(Beginning of Data extracts)

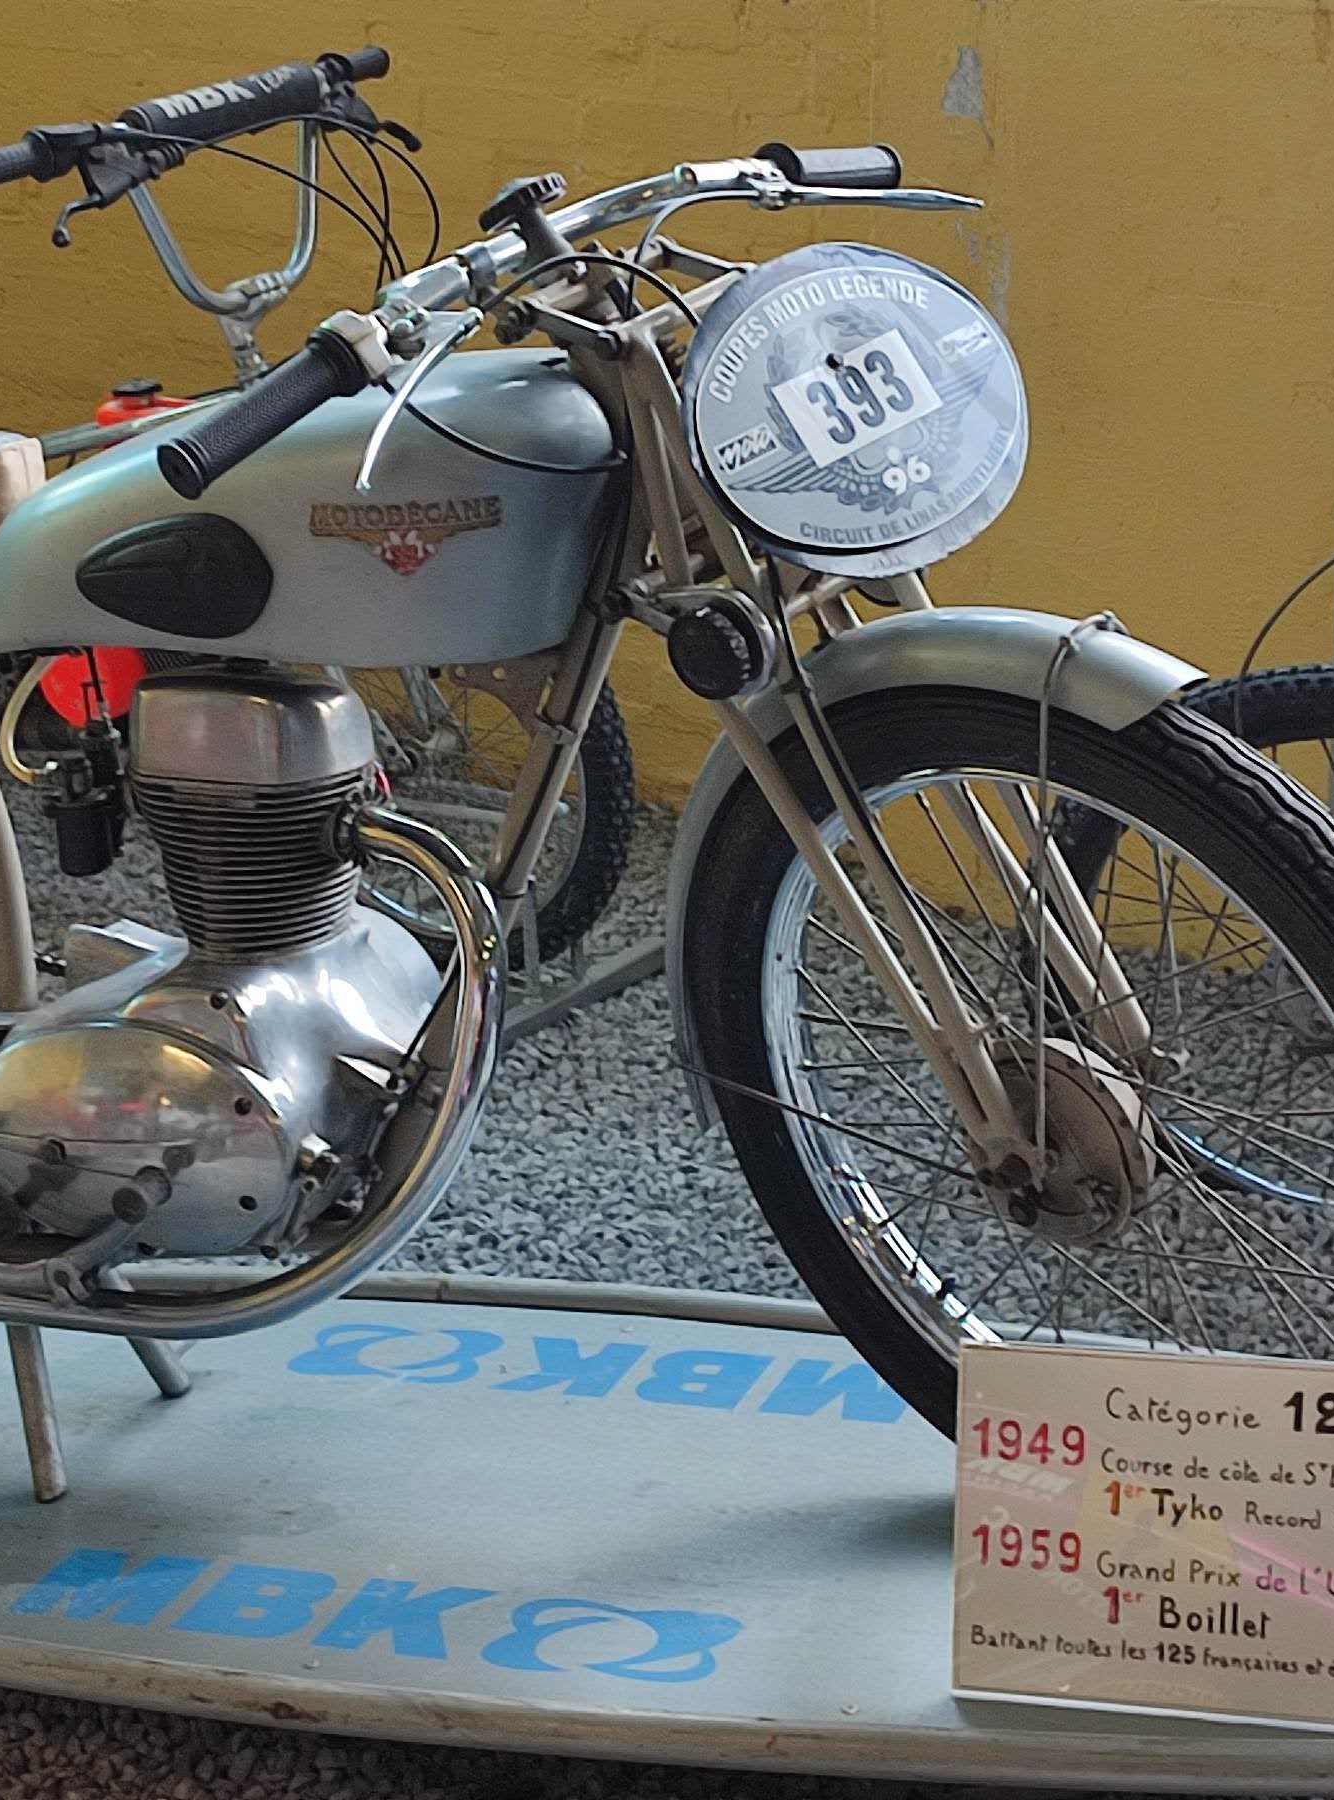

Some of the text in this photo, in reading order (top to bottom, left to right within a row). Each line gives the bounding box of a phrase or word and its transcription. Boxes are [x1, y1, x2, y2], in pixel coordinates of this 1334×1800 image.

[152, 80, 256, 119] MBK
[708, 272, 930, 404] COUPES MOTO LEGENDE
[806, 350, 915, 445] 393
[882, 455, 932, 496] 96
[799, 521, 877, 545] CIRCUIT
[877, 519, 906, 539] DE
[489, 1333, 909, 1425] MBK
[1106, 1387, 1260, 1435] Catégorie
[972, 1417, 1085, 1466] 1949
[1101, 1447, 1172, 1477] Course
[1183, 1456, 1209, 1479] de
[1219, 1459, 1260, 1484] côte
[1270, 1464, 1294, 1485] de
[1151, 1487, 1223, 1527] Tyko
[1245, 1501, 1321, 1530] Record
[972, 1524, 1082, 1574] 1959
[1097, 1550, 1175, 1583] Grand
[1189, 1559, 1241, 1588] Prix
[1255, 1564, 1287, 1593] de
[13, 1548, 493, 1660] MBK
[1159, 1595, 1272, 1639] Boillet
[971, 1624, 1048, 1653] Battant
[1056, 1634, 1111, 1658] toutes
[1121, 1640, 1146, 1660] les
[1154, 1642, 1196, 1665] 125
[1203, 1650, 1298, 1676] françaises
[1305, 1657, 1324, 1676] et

(End of Data extracts)

▶ [Work request] The response must match the listing exactly, except that pictures are removed.

▶ [Response area]
Some of the text in this photo, in reading order (top to bottom, left to right within a row). Each line gives the bounding box of a phrase or word and its transcription. Boxes are [x1, y1, x2, y2], in pixel coordinates of this 1334×1800 image.

[152, 80, 256, 119] MBK
[708, 272, 930, 404] COUPES MOTO LEGENDE
[806, 350, 915, 445] 393
[882, 455, 932, 496] 96
[799, 521, 877, 545] CIRCUIT
[877, 519, 906, 539] DE
[489, 1333, 909, 1425] MBK
[1106, 1387, 1260, 1435] Catégorie
[972, 1417, 1085, 1466] 1949
[1101, 1447, 1172, 1477] Course
[1183, 1456, 1209, 1479] de
[1219, 1459, 1260, 1484] côte
[1270, 1464, 1294, 1485] de
[1151, 1487, 1223, 1527] Tyko
[1245, 1501, 1321, 1530] Record
[972, 1524, 1082, 1574] 1959
[1097, 1550, 1175, 1583] Grand
[1189, 1559, 1241, 1588] Prix
[1255, 1564, 1287, 1593] de
[13, 1548, 493, 1660] MBK
[1159, 1595, 1272, 1639] Boillet
[971, 1624, 1048, 1653] Battant
[1056, 1634, 1111, 1658] toutes
[1121, 1640, 1146, 1660] les
[1154, 1642, 1196, 1665] 125
[1203, 1650, 1298, 1676] françaises
[1305, 1657, 1324, 1676] et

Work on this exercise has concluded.